Bank of Cyprus (BoC) said Tuesday it generated an after-tax loss of €553m on reduced net interest income in the first nine months of the year, as it announced new initiatives to reduce bad loans faster.

The island’s largest lender had recorded a net profit of €62m at the same period last year.

BoC said it also received regulatory approval to set up a real estate fund and have it listed on the Cyprus Stock Exchange.

The bank’s income dropped 3 per cent in the first nine months, to €693m, mainly on reduced net interest income, which fell 13 per cent, to €454m.

Total provisions and impairments rose to €840m in the first three quarters of 2017, from €301m a year before, or 180 per cent, the bank said.

It includes €729m in provisioning charges, up 173 per cent, €38m in impairments of other financial and non-financial assets, up 11 per cent, and €73m in provisions for litigation against zero in the respective period last year.

The bank reduced its delinquent loan portfolio by €588m in the third quarter to below €9.2bn, or 47.6m, for the very first time since the introduction, in December 2014, of the current classification rules for non-performing loans ,which include a probation period for restructured loans, it said.

At the end of June, non-performing loans stood at €9.7bn, or 50 per cent.

“Today we are pleased to announce the first of these accelerative non-organic balance sheet repair initiatives,” the bank’s chief executive officer John Hourican was quoted as saying. “Following approval by CySeC (the Cyprus Securities and Exchange Commission) to register a real estate fund as an alternative investment fund (AIF), the bank is launching a Real Estate Fund to be listed on the CSE, subject to meeting certain conditions. This circa €190m fund is the first of its kind in Cyprus and adds further pace to our efforts to accelerate balance sheet de-risking”.

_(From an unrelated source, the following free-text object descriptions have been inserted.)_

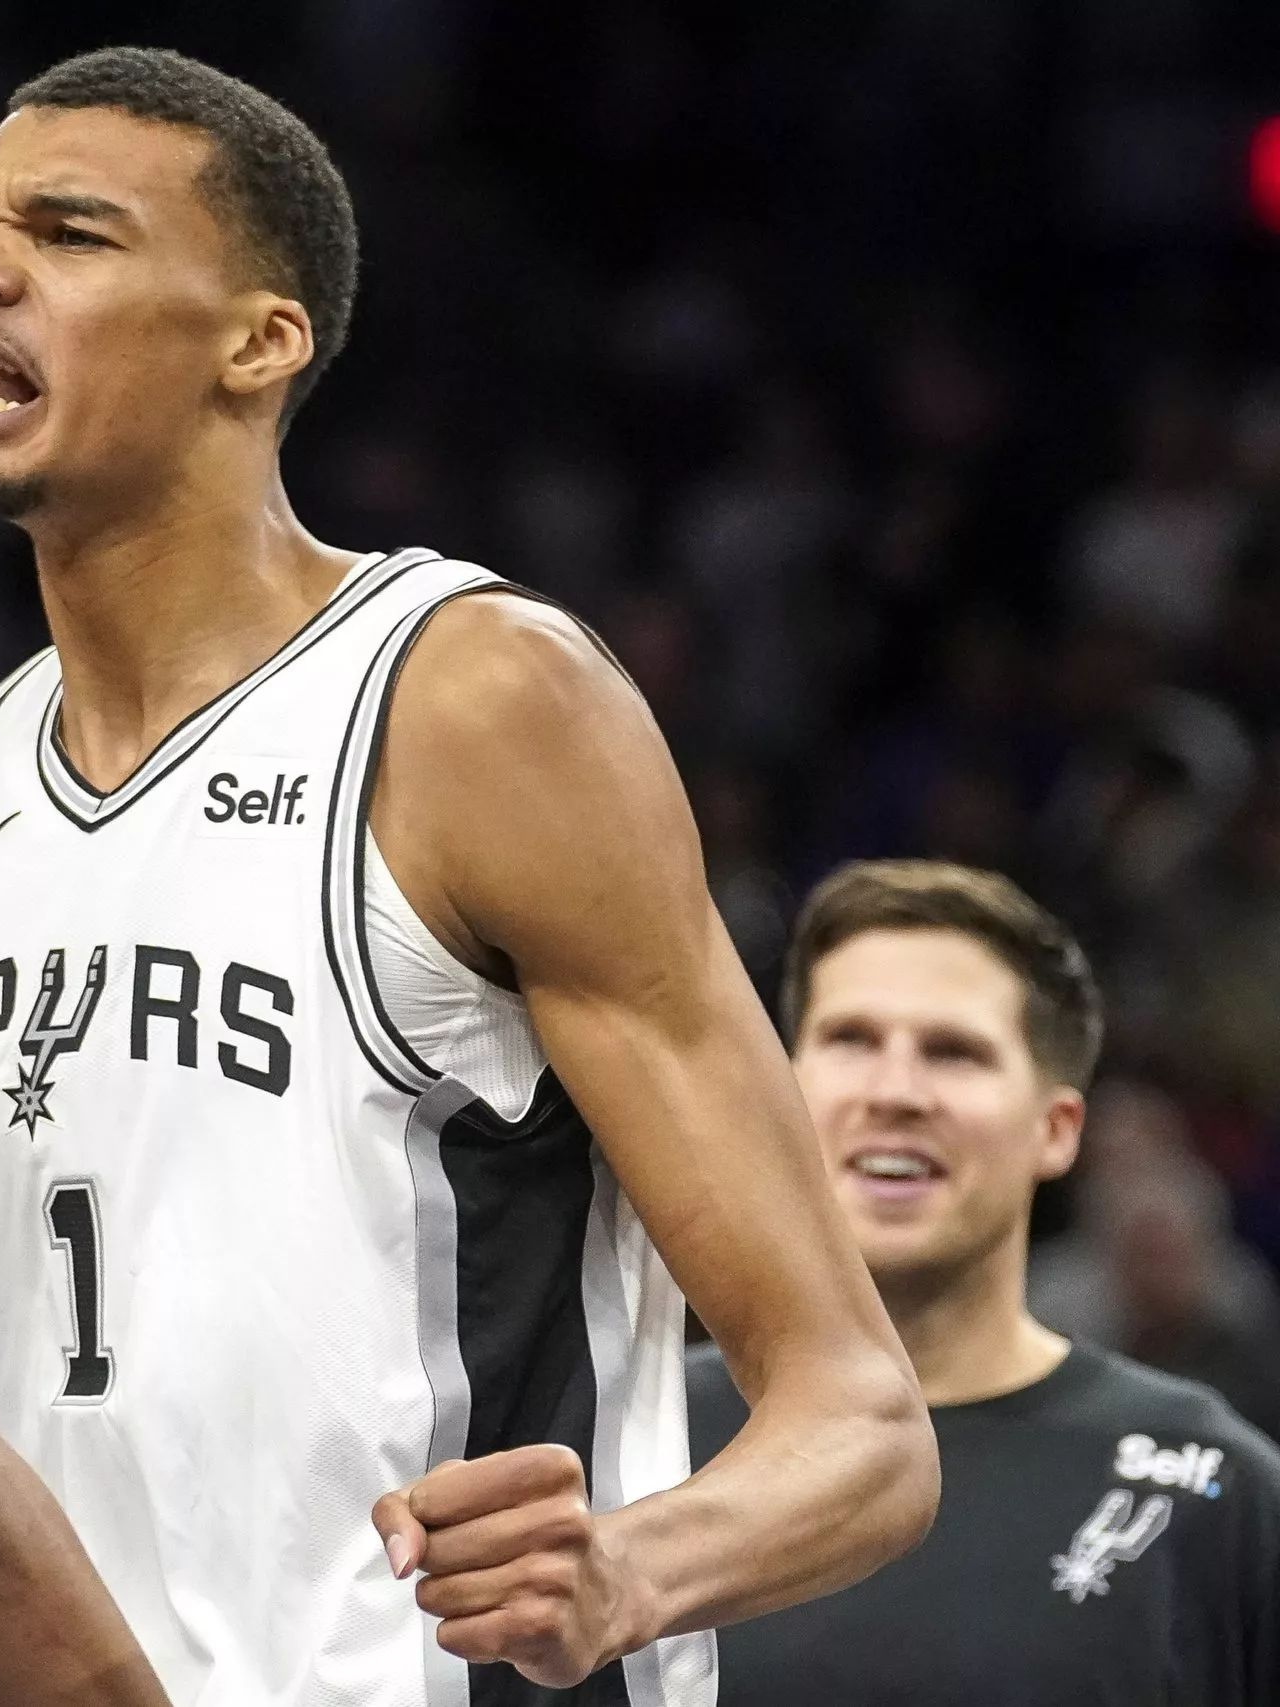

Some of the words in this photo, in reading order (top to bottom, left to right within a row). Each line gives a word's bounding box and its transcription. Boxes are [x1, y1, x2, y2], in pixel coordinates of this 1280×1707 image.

[203, 772, 309, 825] Self.
[42, 1173, 117, 1407] 1
[1114, 1433, 1224, 1499] Self.
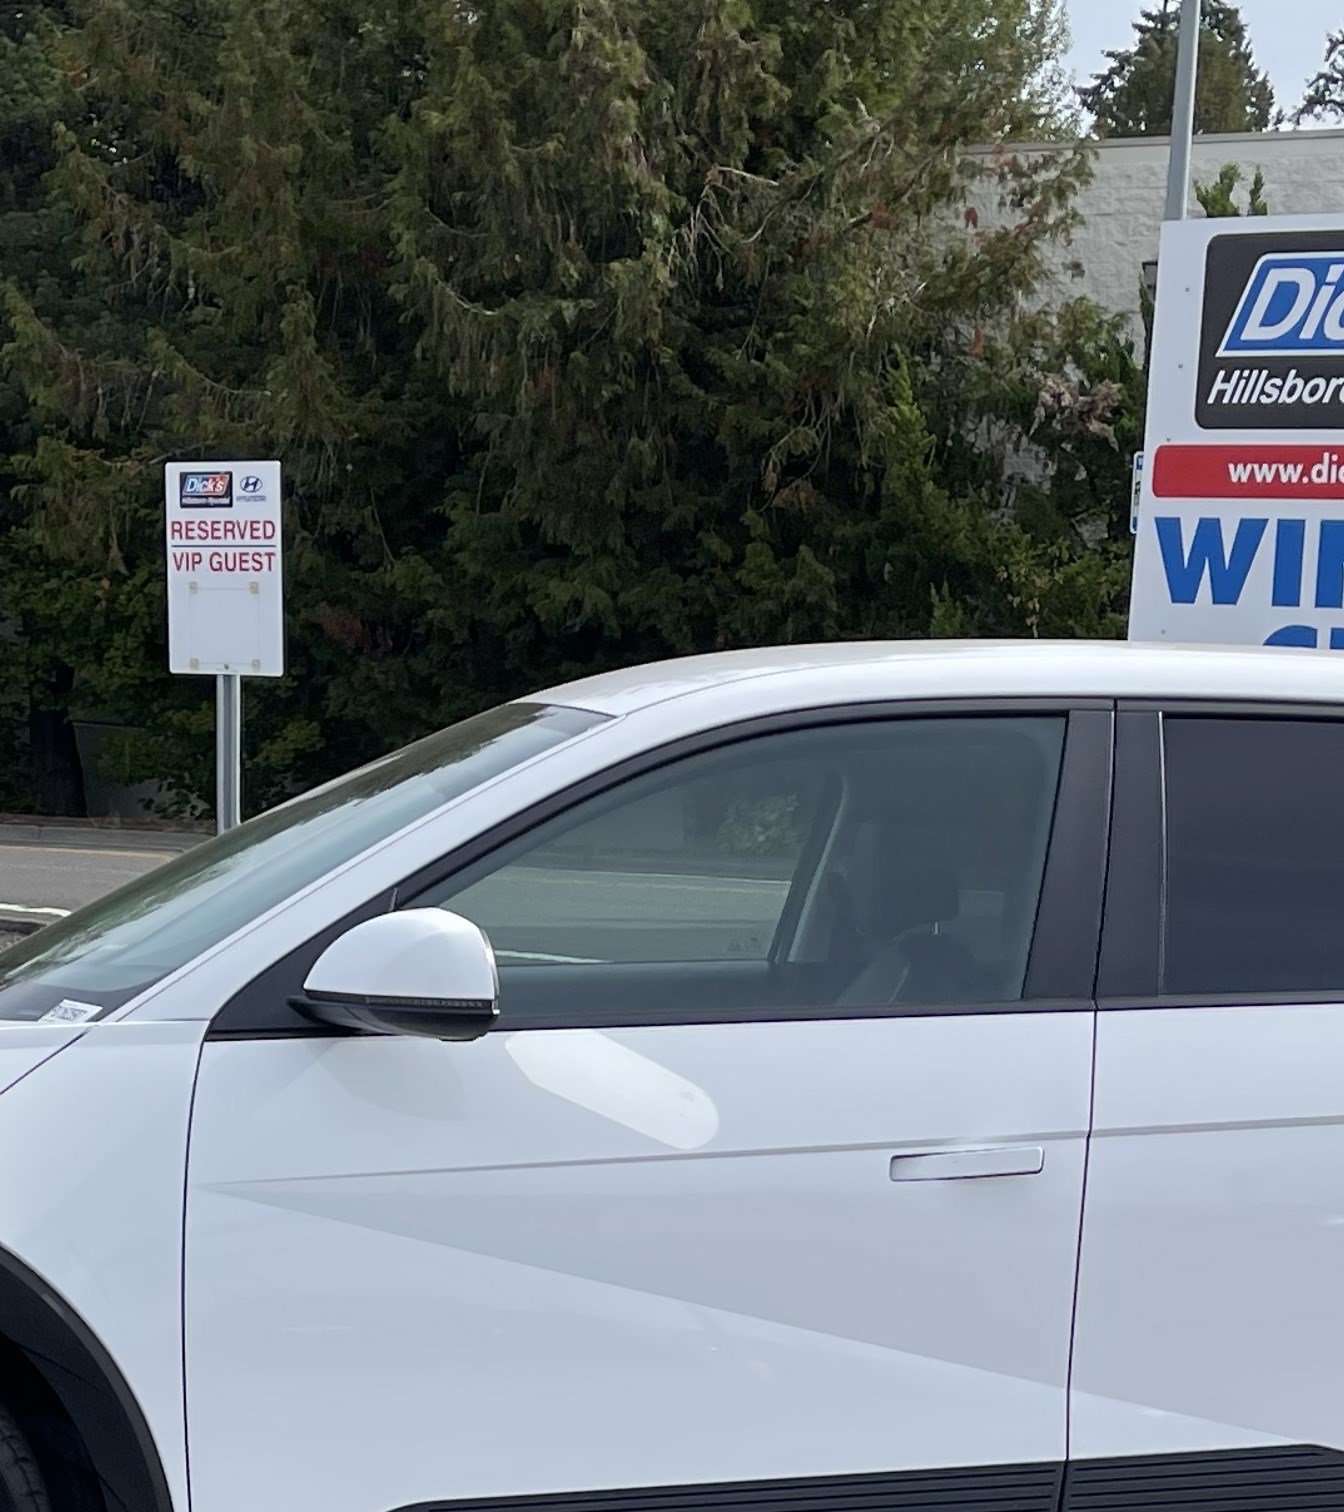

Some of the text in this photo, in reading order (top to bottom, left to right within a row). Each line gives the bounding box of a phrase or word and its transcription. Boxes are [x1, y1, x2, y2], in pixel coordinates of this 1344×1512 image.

[171, 520, 275, 540] RESERVED
[172, 552, 276, 572] VIP GUEST

Hourican said that the lender, which pioneered the banking sector’s fight against non-performing loans with the creation of an internal division for loan restructurings and recoveries, maintained its momentum in reducing bad loans for a tenth consecutive quarter.

In the first nine months of the year alone, BoC reduced its non-performing loans by €2bn, Hourican said. Since December 2014, they dropped by 40 per cent while the coverage ratio against delinquent loans rose “above the EU average,” to 49 per cent.

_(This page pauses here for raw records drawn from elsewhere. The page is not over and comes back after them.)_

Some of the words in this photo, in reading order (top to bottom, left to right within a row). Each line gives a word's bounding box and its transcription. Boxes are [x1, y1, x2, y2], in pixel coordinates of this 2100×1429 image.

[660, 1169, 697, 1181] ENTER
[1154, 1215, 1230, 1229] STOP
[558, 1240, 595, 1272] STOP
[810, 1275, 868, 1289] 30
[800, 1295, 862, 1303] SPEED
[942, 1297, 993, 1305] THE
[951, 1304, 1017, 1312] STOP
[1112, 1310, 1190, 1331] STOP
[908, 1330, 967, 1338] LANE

“We expect the organic reduction of our non-performing exposures stock to continue its downward trajectory in the coming quarters,” the Irish banker said. “At the same time, we are actively exploring structured solutions to further accelerate reduction and further normalise the bank.”

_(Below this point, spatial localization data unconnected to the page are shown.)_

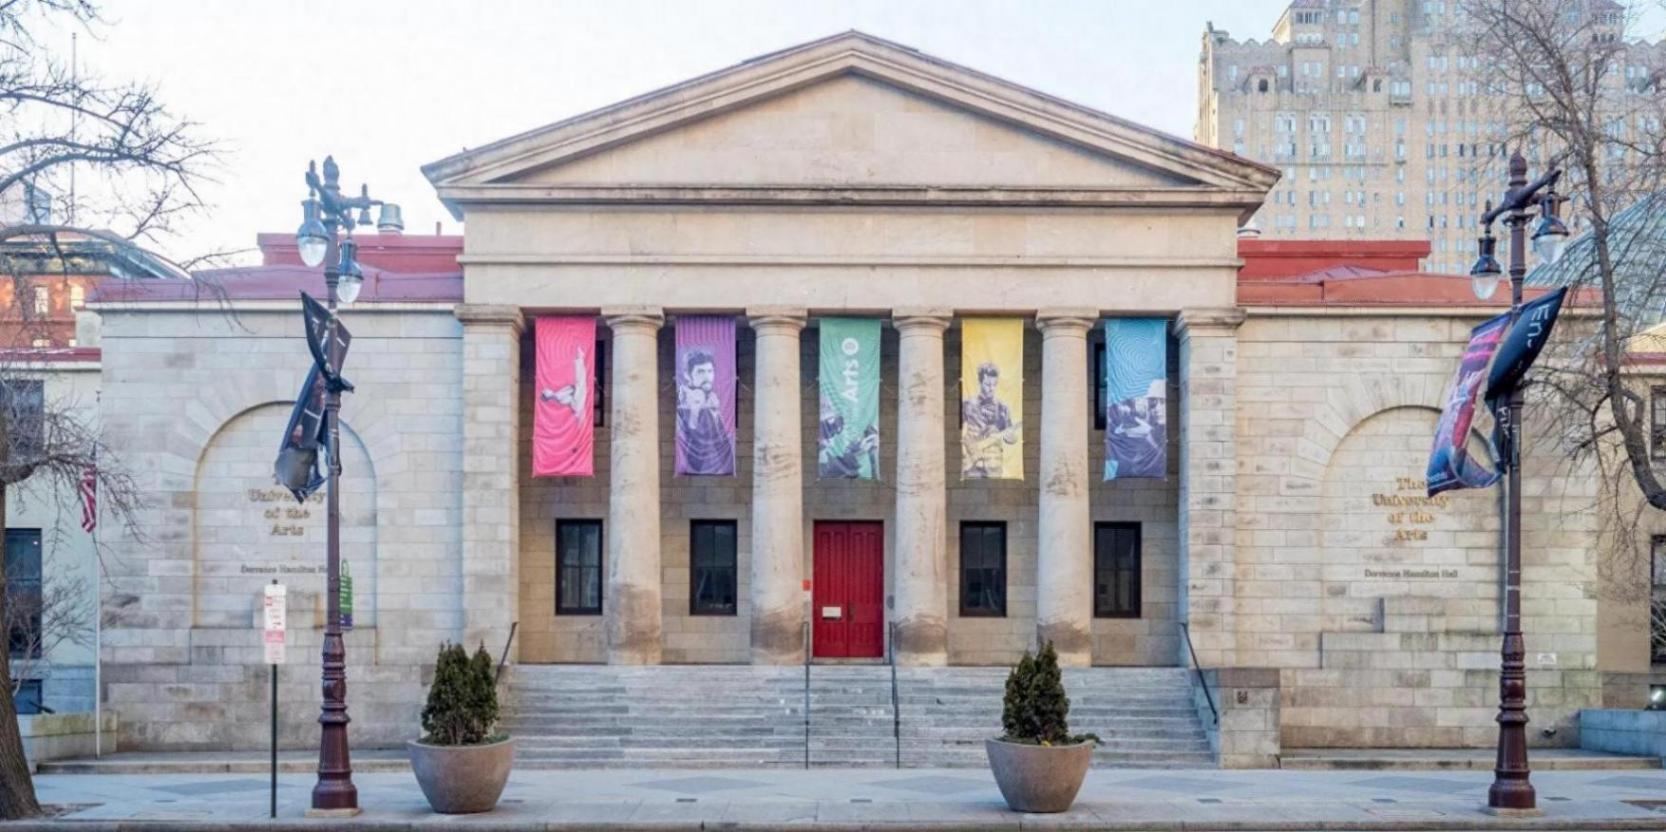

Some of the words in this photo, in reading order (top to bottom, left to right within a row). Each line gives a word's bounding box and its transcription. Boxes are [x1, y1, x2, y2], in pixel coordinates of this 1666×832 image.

[841, 358, 859, 404] Arts
[1395, 477, 1425, 491] The
[1387, 510, 1405, 524] of
[1409, 511, 1434, 524] the
[270, 524, 305, 537] Arts
[1393, 528, 1428, 542] Arts
[1403, 569, 1440, 578] Hamilton
[1441, 569, 1458, 578] Hall

The bank’s real estate management unit took on assets worth €356m in the first nine months of the year, including €127m in the third quarter, it said. Its revenue in the first nine-months of the year was €204m, including €64m in July to September.

BoC, which had its share listed at the London Stock Exchange (LSE) in January, saw its cost-to-income ratio rise to 45 per cent, from 42 per cent the previous year, at the end of September.

Its net interest margin fell to 3.18 per cent from 3.51 per cent in September 2016.

“The bank continues to make steady and positive progress in its journey back to strength,” Hourican said. “Our results this quarter reflect our previously communicated strategy. In the third quarter, we continued to direct all operating profitability to further increase coverage levels on delinquent exposures to best position the bank to present a more normal credit cycle charge in 2018”.

The lender which fully repaid its outstanding emergency central bank liquidity in January, saw its deposits rise 5 per cent in nine months, to €17.3bn in September, against a 5 per cent drop in loans to €14.8bn, it said.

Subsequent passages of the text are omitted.